‘The Lovely Bones’ by Alice Sebold

I first stumbled upon The Lovely Bones back in the winter of 2003, when I was about twelve years old. In actual fact it was the first strictly ‘adult’ novel I ever read - up until then my bookshelves were stuffed with nothing but Roald Dahl and Jacqueline Wilson and, oddly, lots of books on Ancient Egypt. If memory serves, I was also beginning to tire of what was then my only legitimate leisure activity: playing on The Sims from early morning until late at night, downloading so much custom content that the formidable family PC gradually ground to a halt. So I decided to pursue a more worthwhile pastime, one I had been rather adept at in the years before everyone’s favourite people simulator and its myriad expansion packs came along - reading, that most simple, portable, cost-effective pleasure. As I recall, the middle school book fair yielded little in the way of literary gold, so over the Christmas holidays I resolved to go to an actual bookstore in order to purchase an actual adult fiction book. Alice Sebold’s The Lovely Bones was the product of that particular mission.

Unless you have been living underground for the past decade you will have heard of or indeed read The Lovely Bones. It is, in Sebold’s own words, 'a novel about a murdered girl named Susie Salmon who tells her story and the story of those she left on Earth from the vantage point of her own unique heaven. It hopes somehow, through the voice of a fourteen-year-old girl, to touch on love and loss and hope - huge universal themes that are often bashed but, in my opinion, are huge and universal for a reason.' And while this is certainly the best and most succinct summary of The Lovely Bones one could hope for, straight from the author herself, it still only scratches the surface of a work of extraordinary - if not unprecedented - tenderness and depth. Susie Salmon is fourteen years old when she is raped and murdered by a neighbour, George Harvey, on December 6th, 1973. Following a swift flight from Earth she arrives in an ostensible heaven, a metaphysical interpretation of the suburban high school she would have attended had she lived, and from here she is able to observe her family as they try to cope with the devastation of her death.

For the record, I adore The Lovely Bones. Whether I happen to be twelve, sixteen, or twenty-one years old it never fails to strike a chord and give rise to the most intense and undiluted feelings. I can still remember walking into the Waterstone’s in Barrow-In-Furness all those years ago and picking it off the store’s paperback chart where it sat near the very top. My twelve-year-old self was immediately taken with the blurb, I think because the idea of a book being narrated by a deceased girl just blew my mind and went against anything I had previously read. I quickly read it from cover to cover and have done so several times since with steadily increasing speed; consequently, my original copy is now yellow inside and curling at the edges (boo), so as soon as I saw this artful, monochromatic edition I knew it had to be mine. This particular edition, one of twelve modern classics being reissued by Picador to mark its fortieth anniversary, is supplemented with some interesting bonus material not present in the original. Alice Sebold discusses what it was like writing The Lovely Bones and also partakes in an interesting Proustian questionnaire, and there are also excerpts from early reviews of the novel. And, on a superficial note, I do love the special edition cover with its symbolic cornstalks and hypnotic wavy lines.

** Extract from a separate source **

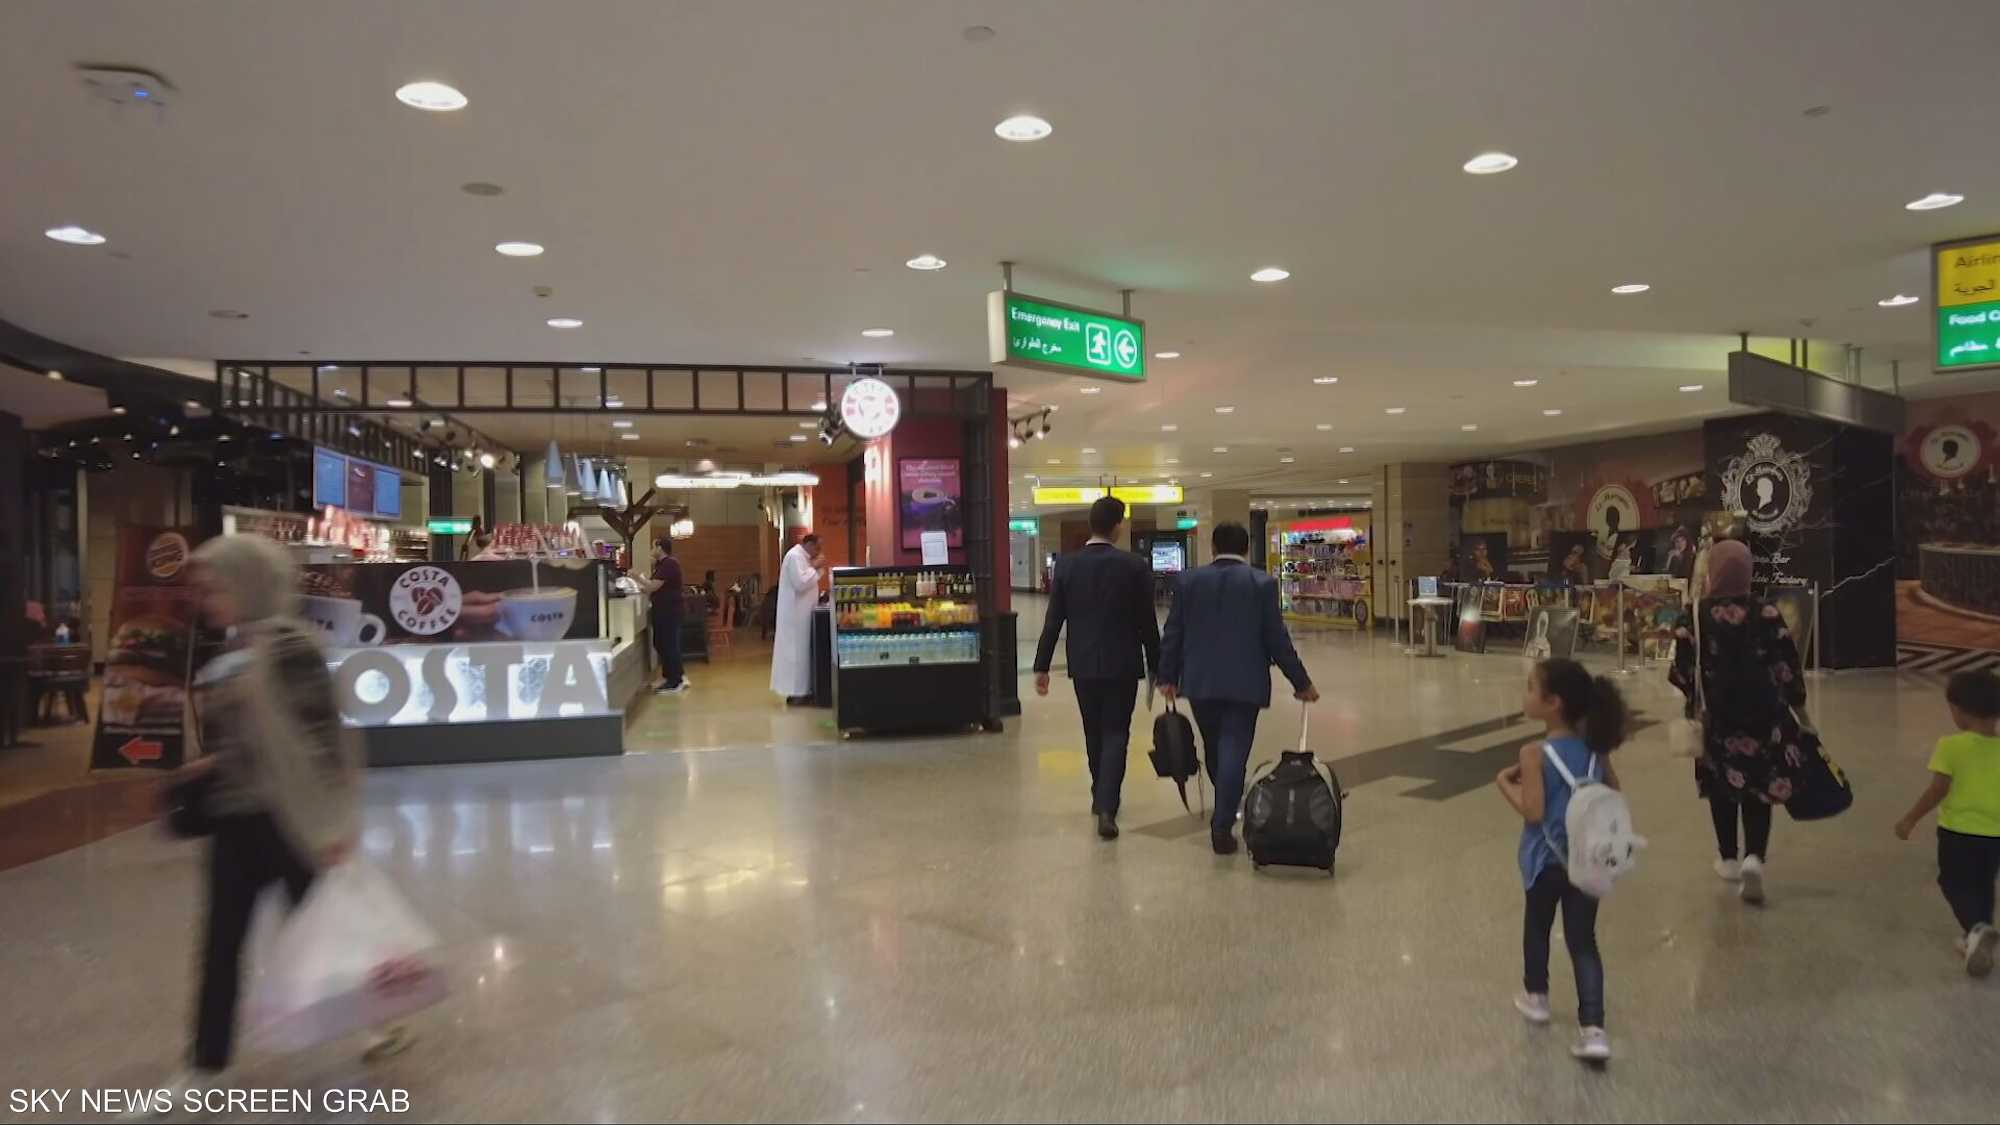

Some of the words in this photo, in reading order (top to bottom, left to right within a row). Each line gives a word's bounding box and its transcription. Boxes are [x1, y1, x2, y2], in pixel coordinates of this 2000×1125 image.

I could harp on about The Lovely Bones for hours without much hesitation - it has always been and will likely always be one of my favourite books, a kind of desert island book, if you like. I was eager to read it again not only due to the neat new cover but because I wanted to see if my opinion of the book has altered at all in the near-nine years since I first read it. It hasn’t. If anything, The Lovely Bones seems to resonate more deeply with me as I advance through life. The idea of a subjective heaven as opposed to the rigid clouds-and-angels heaven of traditional lore is one that I have tremendous faith in, and it is the depiction of this which really sets this novel apart from any other. If you haven’t read it yet, do so ASAP. Ten million readers cannot be wrong, after all.